RECORDS FOR THIS TASK:
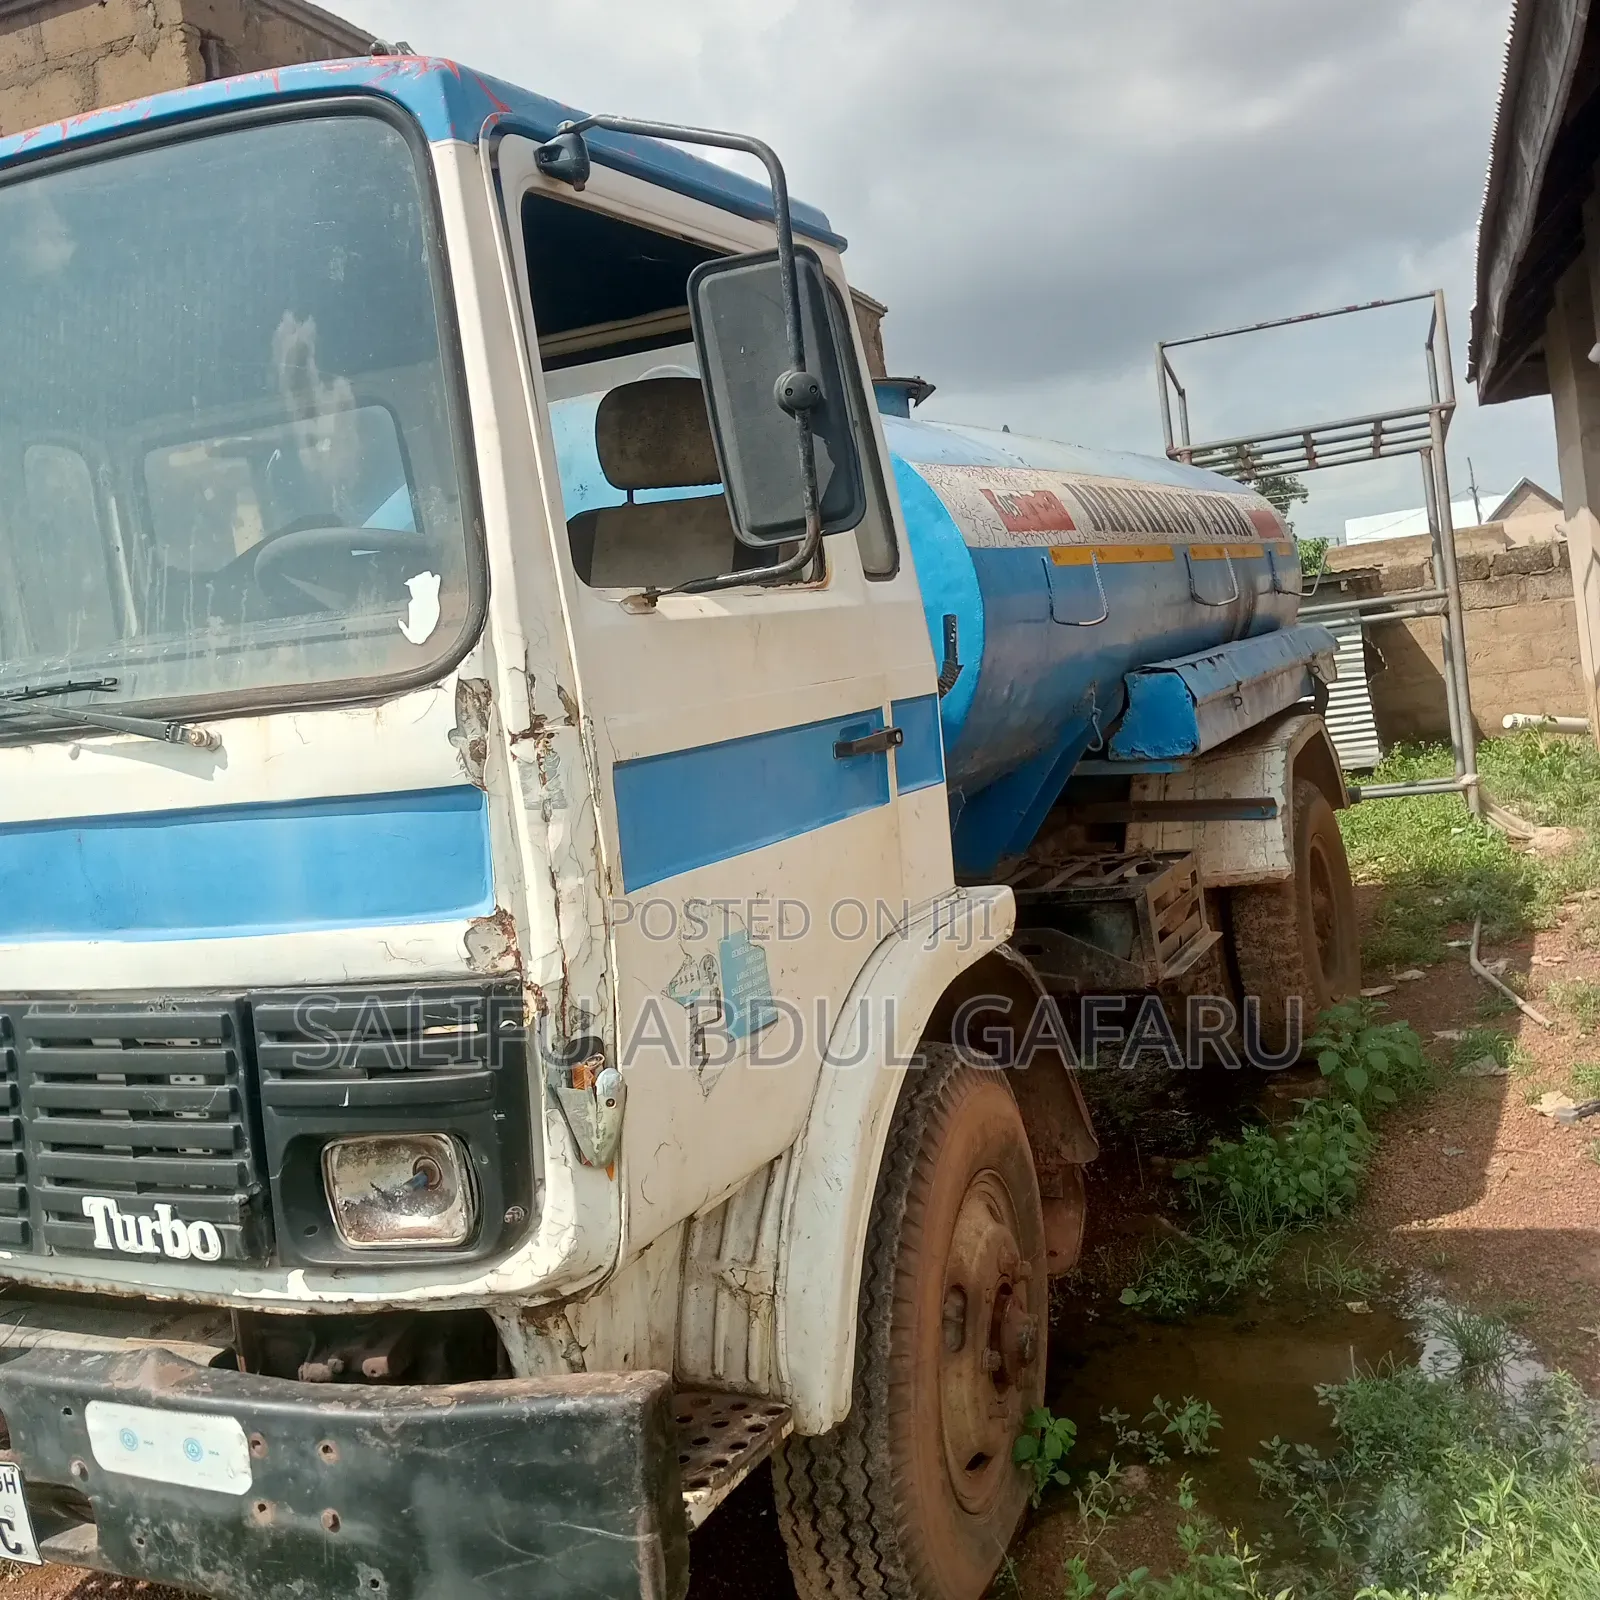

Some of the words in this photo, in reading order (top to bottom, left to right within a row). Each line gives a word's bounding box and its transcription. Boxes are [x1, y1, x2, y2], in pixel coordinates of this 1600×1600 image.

[1061, 482, 1196, 534] DRINKING
[1176, 493, 1253, 537] WATER
[81, 1195, 222, 1261] Turbo
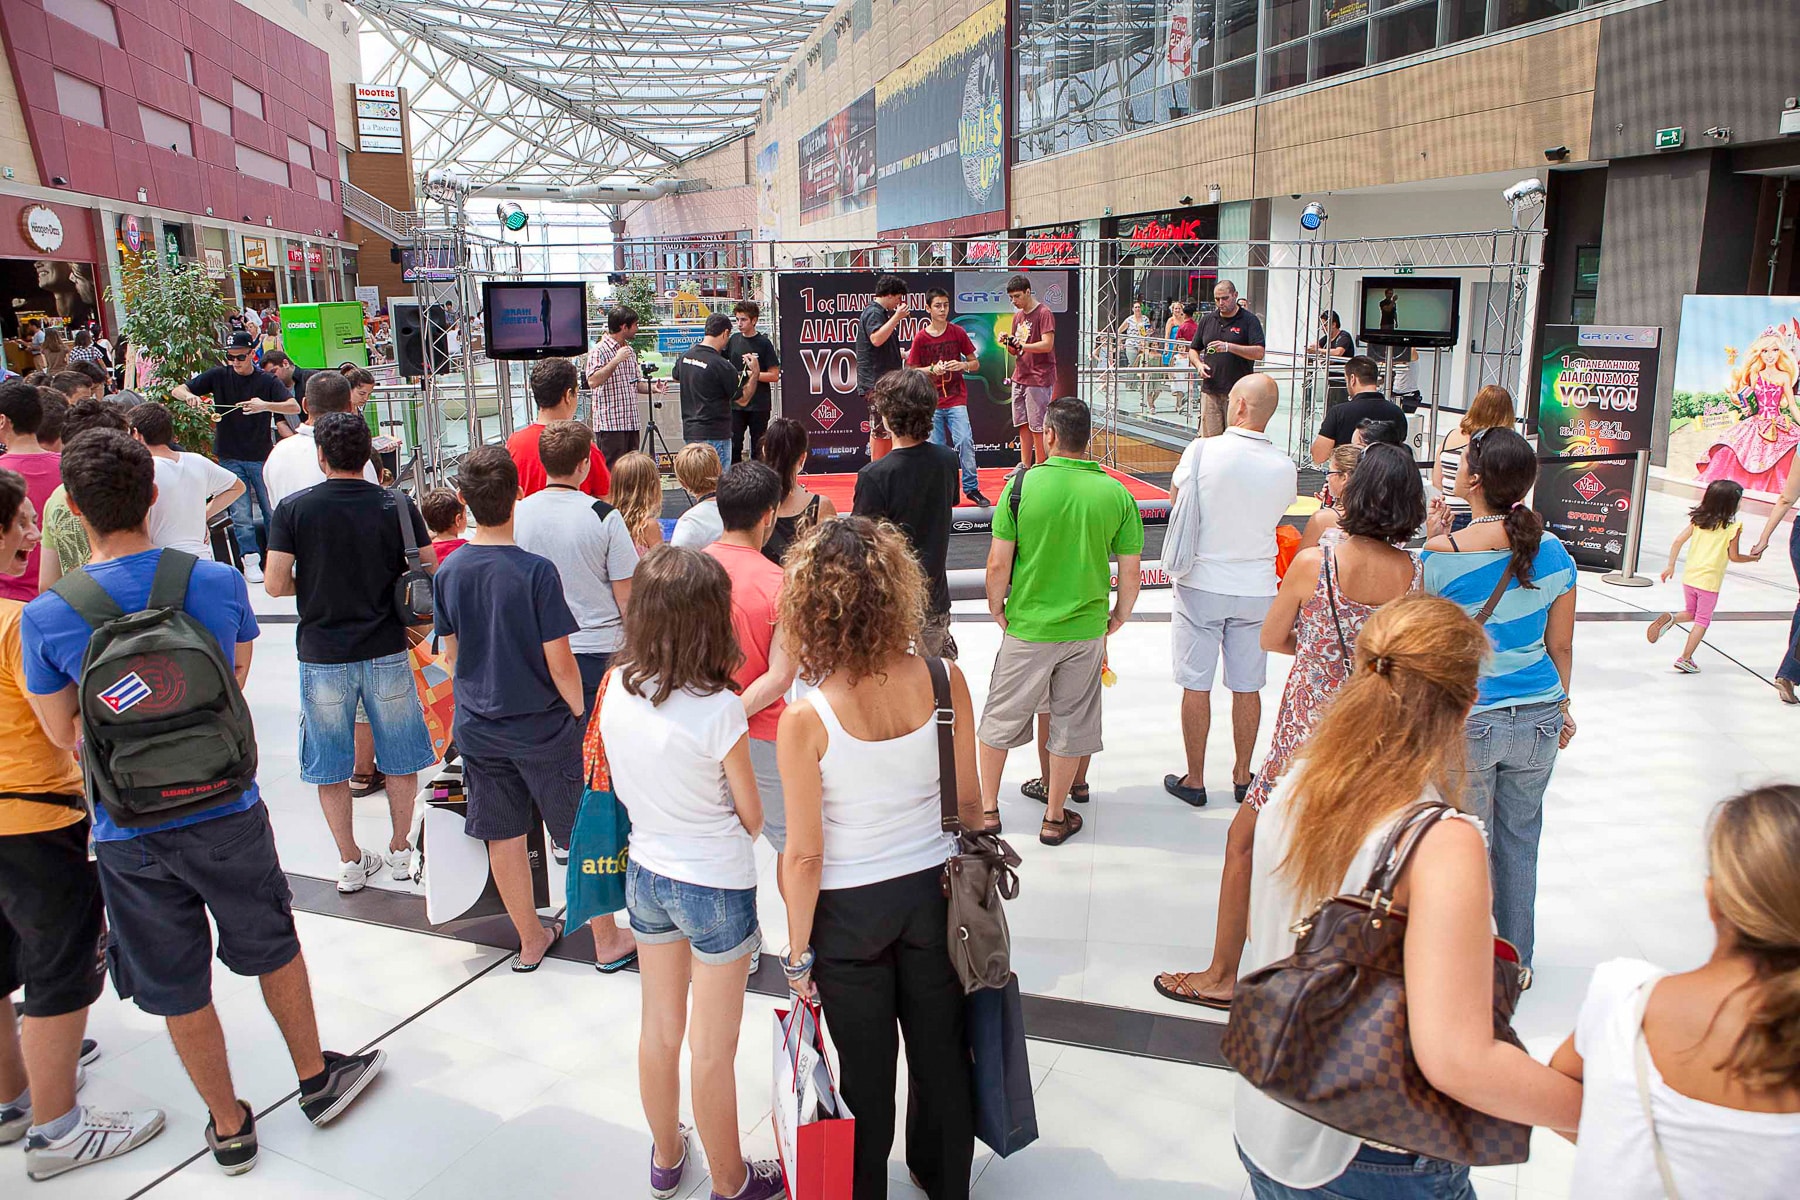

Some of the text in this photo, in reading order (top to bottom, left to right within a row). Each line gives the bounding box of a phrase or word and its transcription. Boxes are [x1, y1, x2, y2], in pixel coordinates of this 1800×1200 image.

[358, 88, 395, 98] HOOTERS
[958, 95, 1002, 157] WHAT'S
[980, 152, 1001, 190] UP?
[1559, 371, 1639, 386] ΔΙΑΓΩΝΙΣΜΟΣ
[1559, 385, 1639, 412] YO-YO!
[817, 409, 837, 419] Mall
[1579, 481, 1599, 492] Mall
[1139, 508, 1167, 519] ORTY
[1567, 511, 1607, 523] SPORTY
[161, 788, 195, 798] ELEMENT
[196, 784, 212, 793] FOR

HOW TO COMPLETE THIS TASK: The required result is an exact repeat of the records above from the line containing "Some of the text" to their final line.

REPLY:
Some of the text in this photo, in reading order (top to bottom, left to right within a row). Each line gives the bounding box of a phrase or word and its transcription. Boxes are [x1, y1, x2, y2], in pixel coordinates of this 1800×1200 image.

[358, 88, 395, 98] HOOTERS
[958, 95, 1002, 157] WHAT'S
[980, 152, 1001, 190] UP?
[1559, 371, 1639, 386] ΔΙΑΓΩΝΙΣΜΟΣ
[1559, 385, 1639, 412] YO-YO!
[817, 409, 837, 419] Mall
[1579, 481, 1599, 492] Mall
[1139, 508, 1167, 519] ORTY
[1567, 511, 1607, 523] SPORTY
[161, 788, 195, 798] ELEMENT
[196, 784, 212, 793] FOR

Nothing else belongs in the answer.